Emit the data below verbatim, stripping out any pictures.

━━━ Records supplied

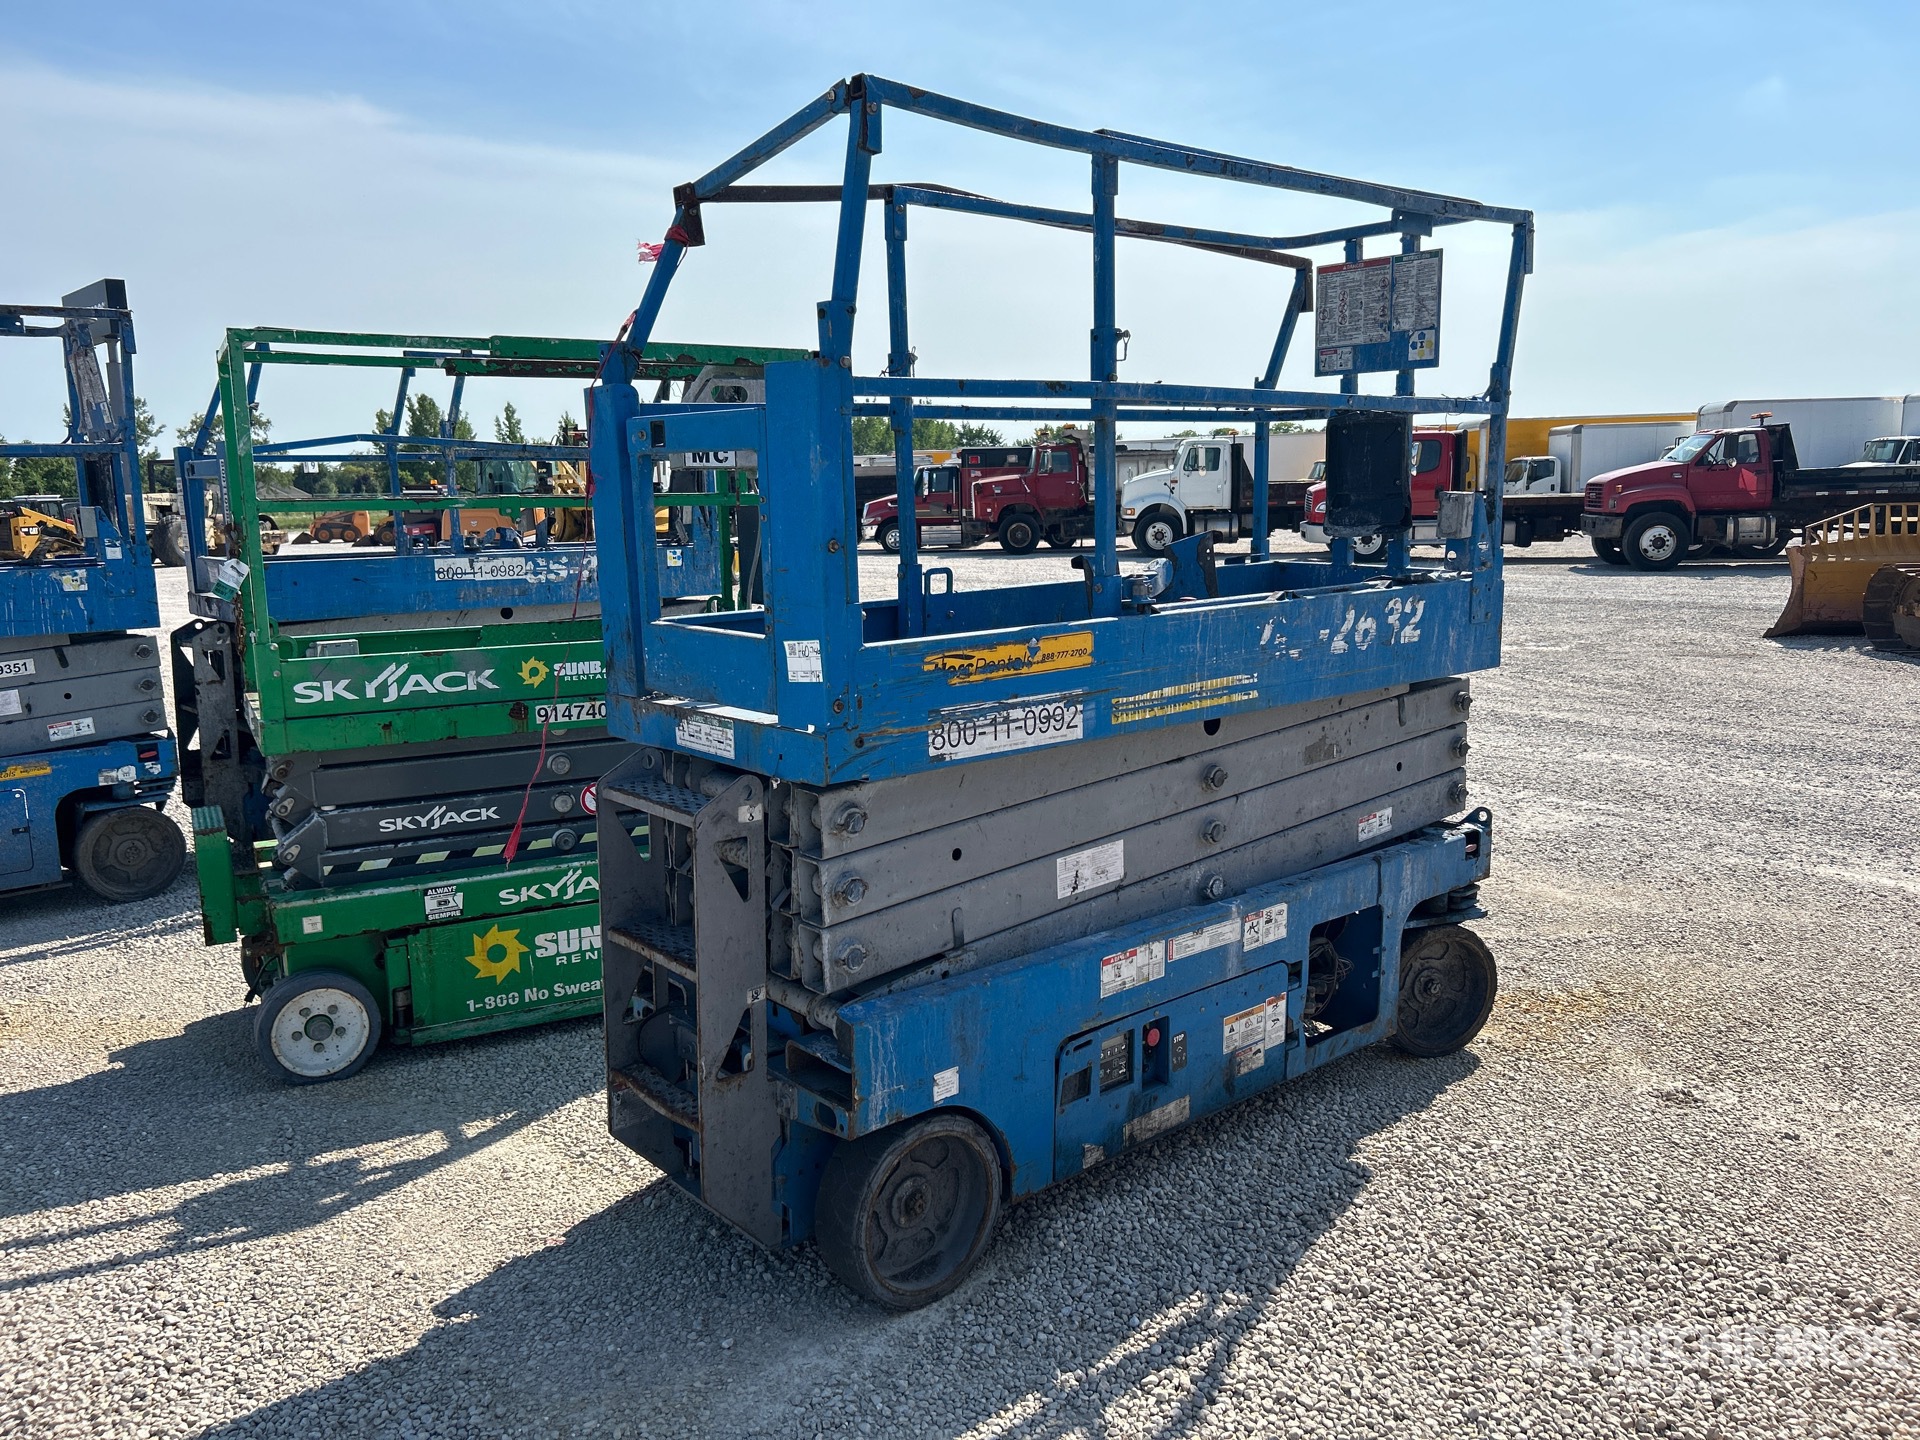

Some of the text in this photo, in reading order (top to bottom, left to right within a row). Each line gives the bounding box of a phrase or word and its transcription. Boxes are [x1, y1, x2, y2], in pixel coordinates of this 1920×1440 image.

[436, 564, 524, 580] 800-11-0982
[293, 662, 500, 703] SKYJACK
[932, 704, 1079, 751] 800-11-0992
[379, 805, 500, 832] SKYJACK
[428, 910, 461, 921] SIEMPRE
[466, 979, 603, 1012] 1-800 No Swea
[1173, 1033, 1185, 1044] STOP
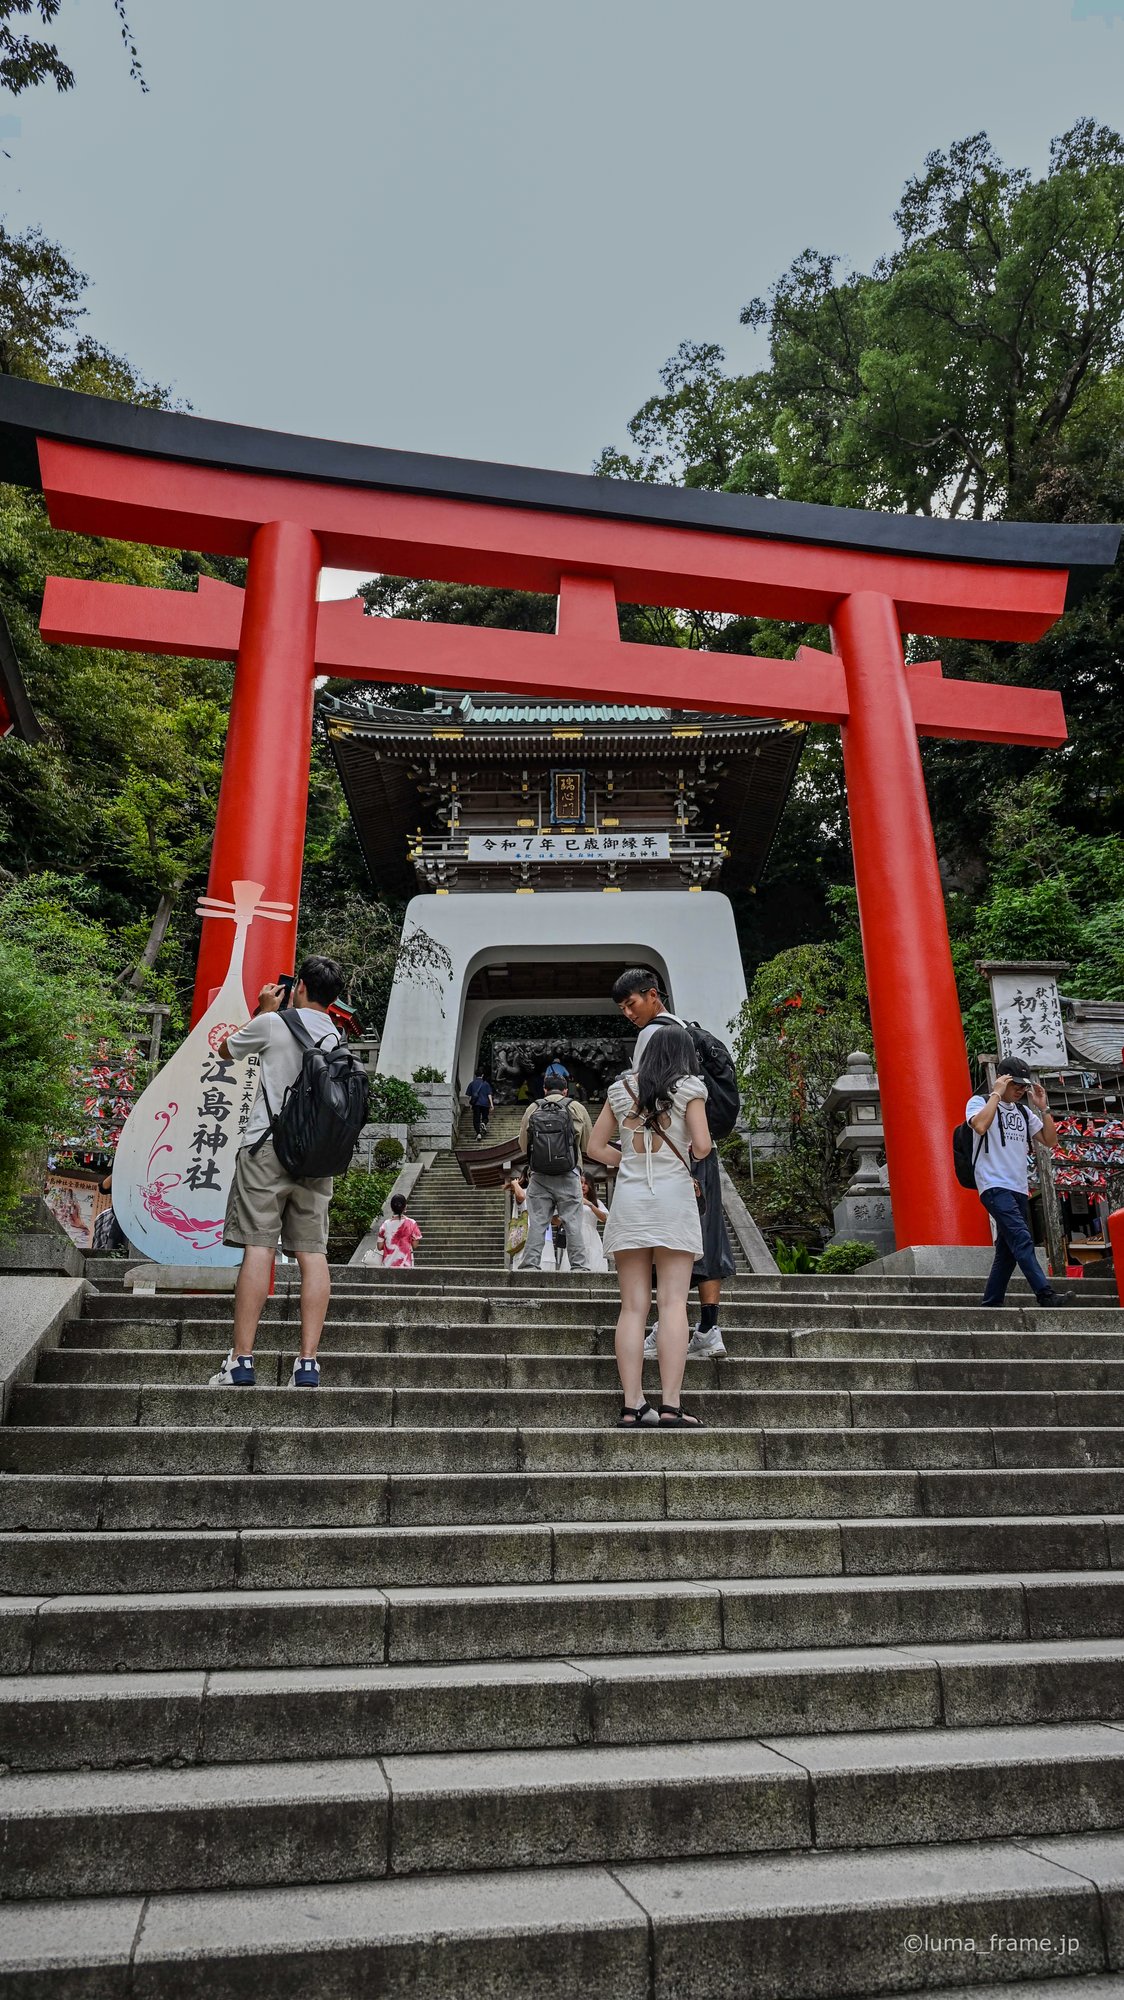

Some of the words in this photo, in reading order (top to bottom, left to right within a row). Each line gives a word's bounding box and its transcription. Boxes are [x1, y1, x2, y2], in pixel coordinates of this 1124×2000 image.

[481, 837, 556, 851] 令和7年
[564, 836, 658, 850] 巳歳御縁年
[1010, 989, 1044, 1057] 初亥祭
[182, 1051, 238, 1192] 江島神社
[237, 1056, 257, 1136] 日本三大弁財天
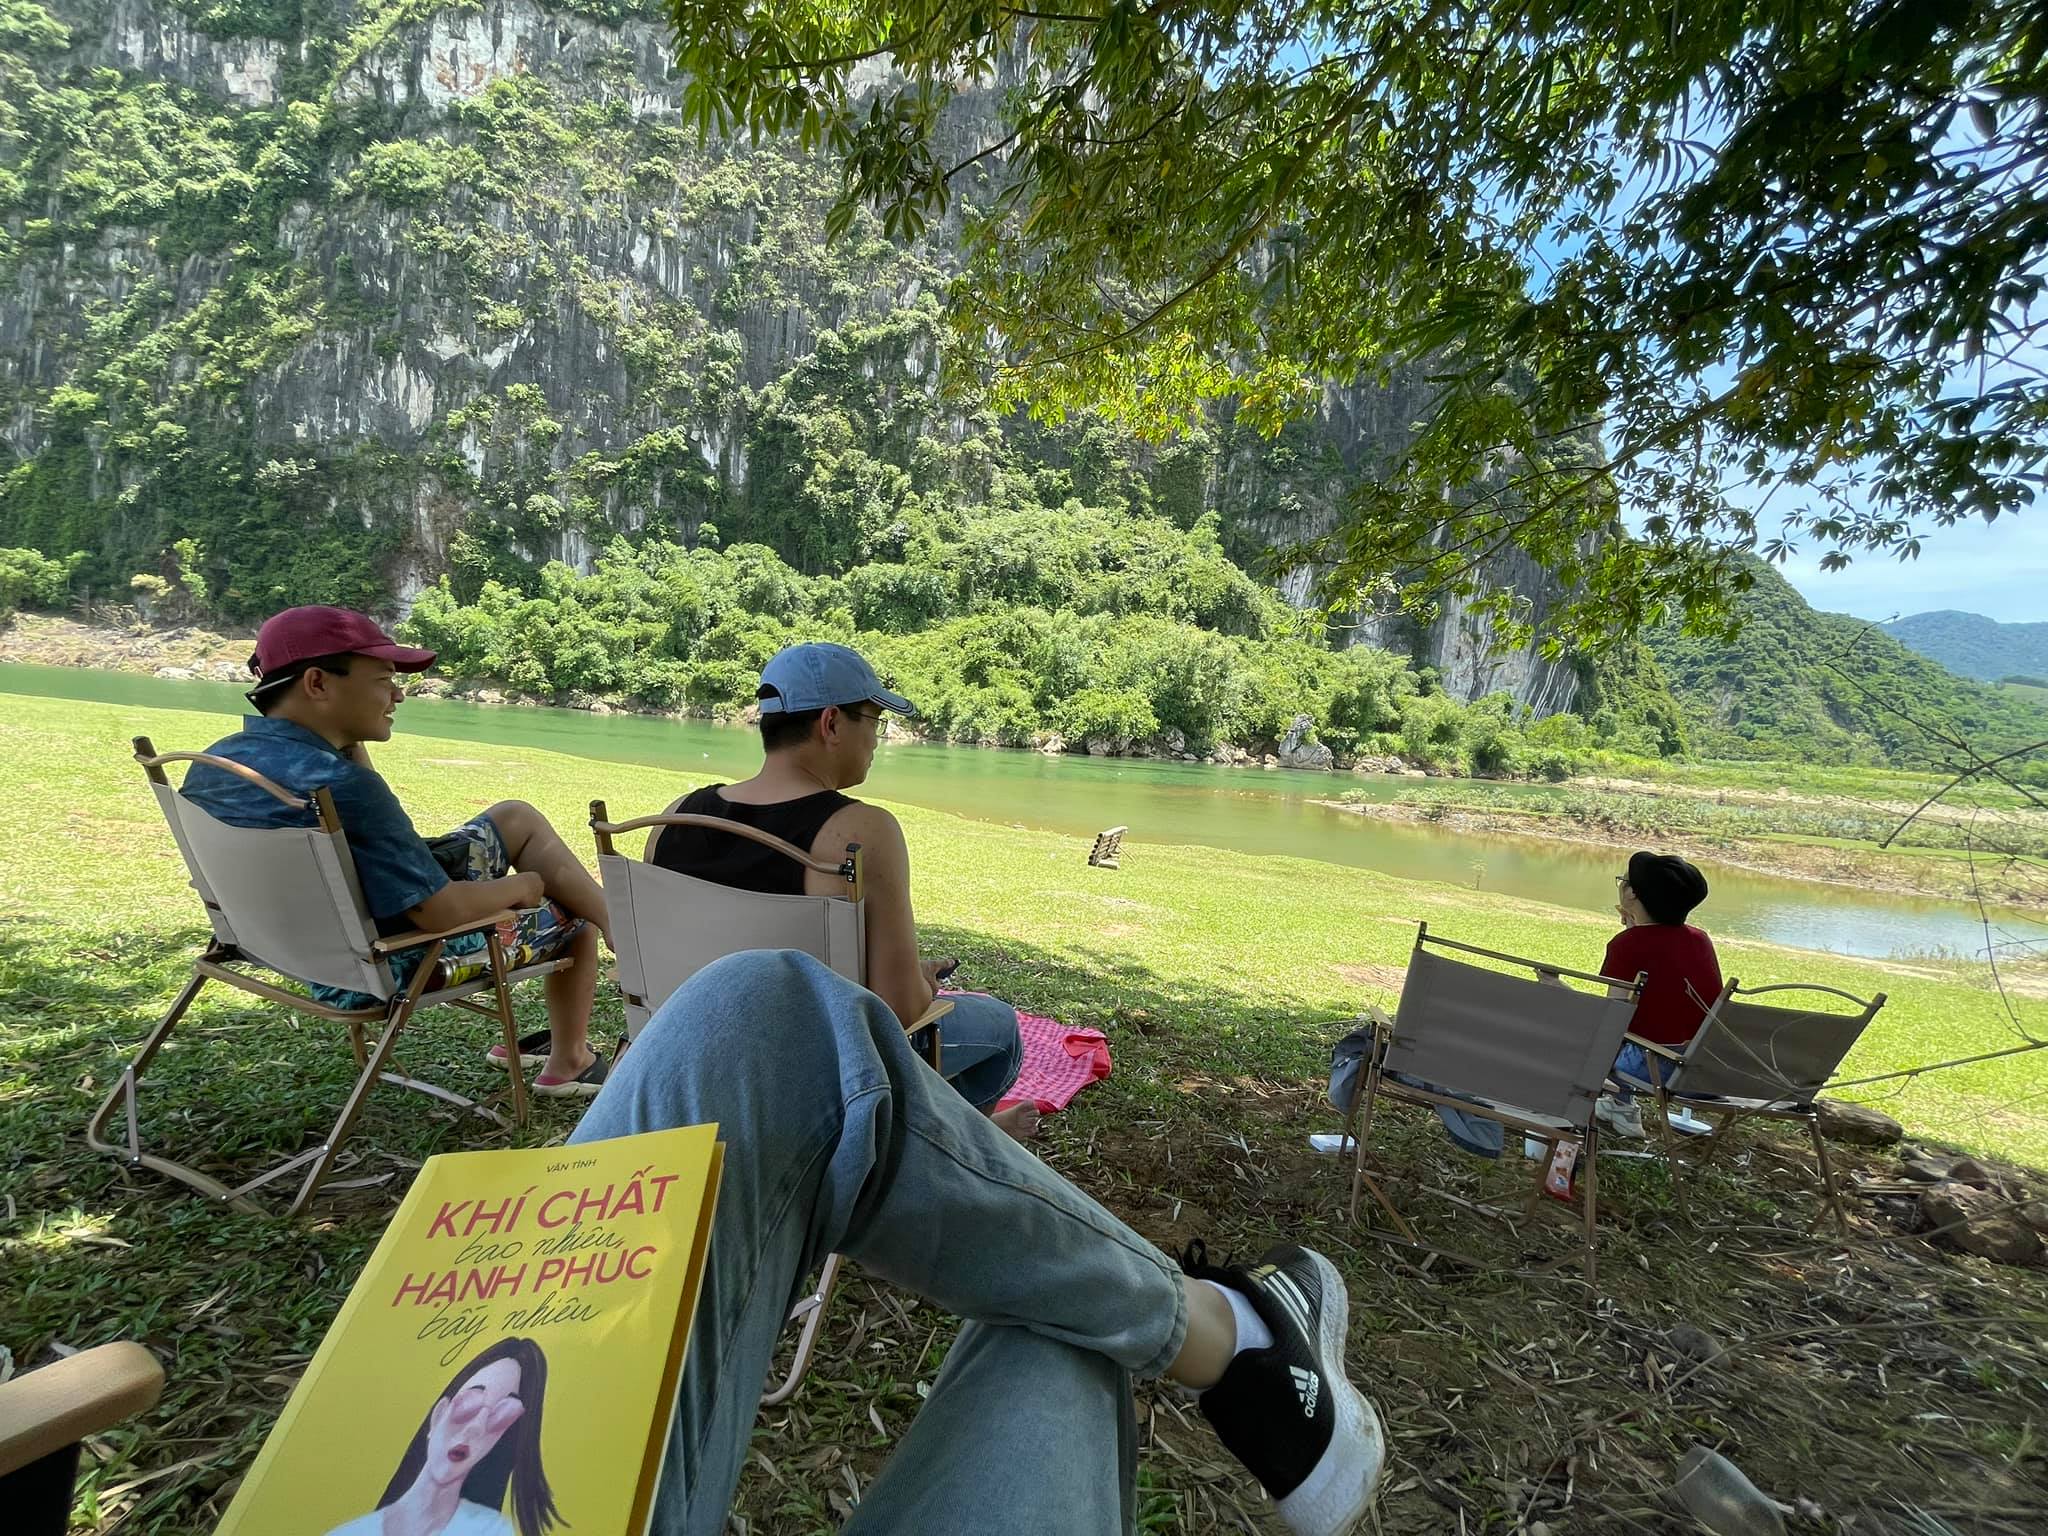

━━━━━━

Task result:
Some of the text in this photo, in reading order (top to bottom, left to right within a row). Each line gives the bounding box of a phrase or word and its transcription. Boxes are [x1, y1, x2, y2], in pixel coordinates of this 1920×1440 image.

[436, 564, 524, 580] 800-11-0982
[293, 662, 500, 703] SKYJACK
[932, 704, 1079, 751] 800-11-0992
[379, 805, 500, 832] SKYJACK
[428, 910, 461, 921] SIEMPRE
[466, 979, 603, 1012] 1-800 No Swea
[1173, 1033, 1185, 1044] STOP

Some of the words in this photo, in reading order (top to bottom, left to right within a row). Each line gives a word's bounding box and its transcription. Boxes are [x1, y1, x2, y2], in pixel coordinates of this 1124×2000 image.

[481, 837, 556, 851] 令和7年
[564, 836, 658, 850] 巳歳御縁年
[1010, 989, 1044, 1057] 初亥祭
[182, 1051, 238, 1192] 江島神社
[237, 1056, 257, 1136] 日本三大弁財天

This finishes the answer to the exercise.